We're actually gonna go build the dashboard today.

Featured Formulas

Video Transcript

Hey, welcome to part three. We're actually gonna go build the dashboard today. Actually we're gonna build one section of it. I already built these two so you can see what it looks like. And then we're gonna build this third one. I'm gonna show you each of these formulas, how to do them how to link.

And the header here to a sheet. So this allows you to skip having to descri tell people where the data is. Because of the way I set it up, I, I sort of have data in one place. Then I have w worksheet where I do a lot of like the calculations. We want to get that away from people that just wanna see this summary and this dashboard.

But if somebody wants access to that or we want access to that, to double check the numbers. This Link makes it really easy. Yeah. And, and then we're gonna build this gauge chart this gauge chart just like I was describing in the first video. A speedometer is a really good indicator of, you know, what speed you're at.

If you're going too fast, too slow, and there's some data where say like rate of growth, well, not really rate of growth, but like rate a speed at which you're going.  A gauge is a really, really good way to see like, does going to fast decrease something. So in this use case, we're doing sales.

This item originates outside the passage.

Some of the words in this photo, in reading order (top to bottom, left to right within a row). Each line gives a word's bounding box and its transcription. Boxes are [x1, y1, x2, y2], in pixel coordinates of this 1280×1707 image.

These are like four sales reps doing some calls. They are making some sales and they have some revenue. So,  we're gonna try to figure out, and we can see already here, Gladys is sort of getting into like, oh, she's doing a lot of calls per day. And then we can go back to the data here and see like her revenue is great and her sales are great.

So really like this is a good indicator. Like, oh, we should be in that area. These are all good. Whereas like, See, a month ago was like not so good, right? Three calls a day. But like her, she had the lowest per sale, and that changed. So we can see changes month to month, we can. Right now, this is just the last month and each month we add to it.

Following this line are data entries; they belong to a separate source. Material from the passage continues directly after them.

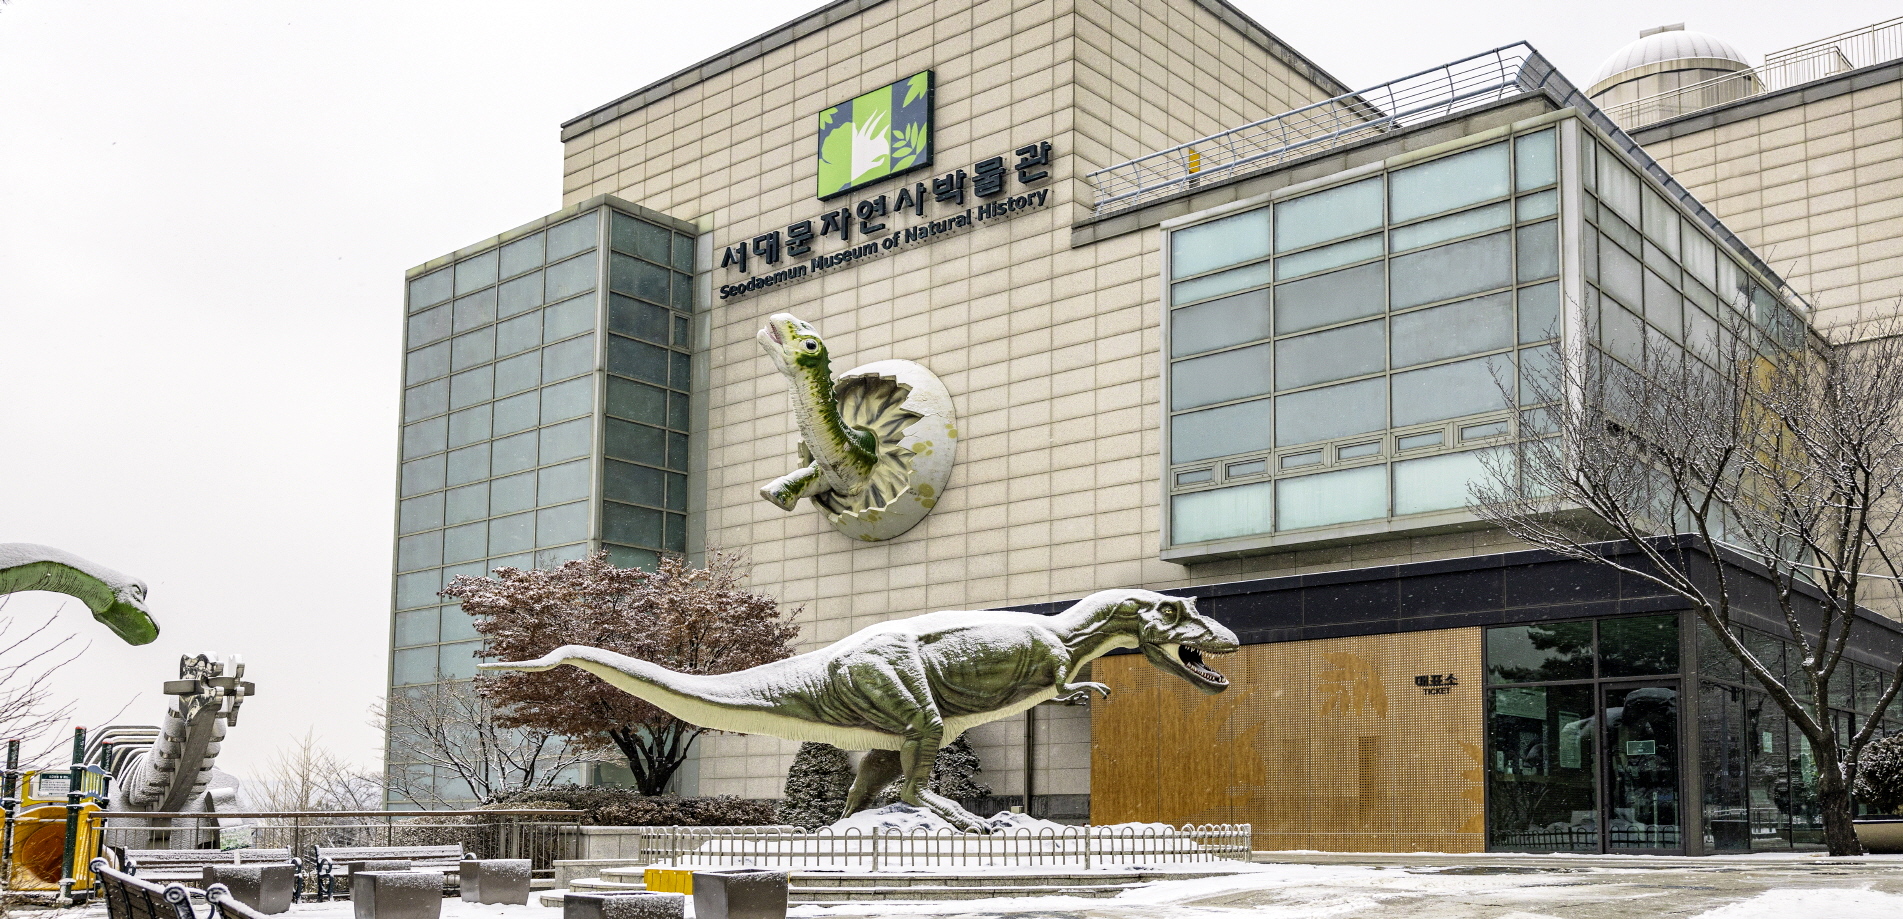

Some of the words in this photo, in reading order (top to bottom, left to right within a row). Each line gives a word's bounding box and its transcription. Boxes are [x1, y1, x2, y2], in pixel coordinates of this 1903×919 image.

[720, 141, 1052, 273] 서대문자연사박물관
[719, 262, 807, 300] Seodaemun
[811, 241, 878, 273] Museum
[882, 231, 900, 250] of
[905, 209, 972, 243] Natural
[977, 189, 1050, 221] History
[1415, 673, 1459, 687] 매표소
[1423, 687, 1450, 695] TICKET

This will automatically update. In the next video, I'm gonna show you how to make a little dropdown. List here to select which month we're looking at. So sometimes we wanna look at only one month, sort of the last thing we we did, but sometimes we wanna be able to flip between different months if we want, or weeks or days.

If you're doing a dashboard that you want to check every day but wanna check. . So sort of a date date range. Okay, so how do we do this? We're gonna do this with total revenue. See, we had calls, sales and revenue. So we wanna do this for revenue first. We're gonna merge all these up here. Let's let's use a nice orange.

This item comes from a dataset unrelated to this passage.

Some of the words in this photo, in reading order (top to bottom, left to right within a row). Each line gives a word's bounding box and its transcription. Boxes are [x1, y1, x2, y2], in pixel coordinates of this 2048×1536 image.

One thing I do wanna mention as I, as I do this, who's gonna take this text? And I think this was merged as. One thing I wanna mention while I'm doing this is that I like to put the headers as light colors. This is a personal choice and a personal design choice that I really like. I'm also going to make this comforter, make that a little easier to read, make that as well comforter.

And I make the numbers more bolder. . So how we get the last month. So on the data chart sort of, you can do your data in any way you want. I just did this very quick, sort of each month, March, April, may, had some calls for each rep, some sales numbers, some revenue, some per sale calculations, calls per day.

But I wanted to put that in a chart where we had March, April horizontal. As we add, we can get the data much easier. So I created this worksheet, and so we now have total calls, and all they do is go to the other one. You can have your data in any way you want. I particularly like it like this. . And this will come in handy.

This version will come in handy in the next video when we create we're gonna switch our formulas. I'm, I did a very, very quick and dirty way to get this information this way, and then I show you another way to do it that's much better using index match. So basically we wanna get just the last month, like that's filled in here and that every time we fill it in, it updates automatically so we don't have to come and change this dashboard.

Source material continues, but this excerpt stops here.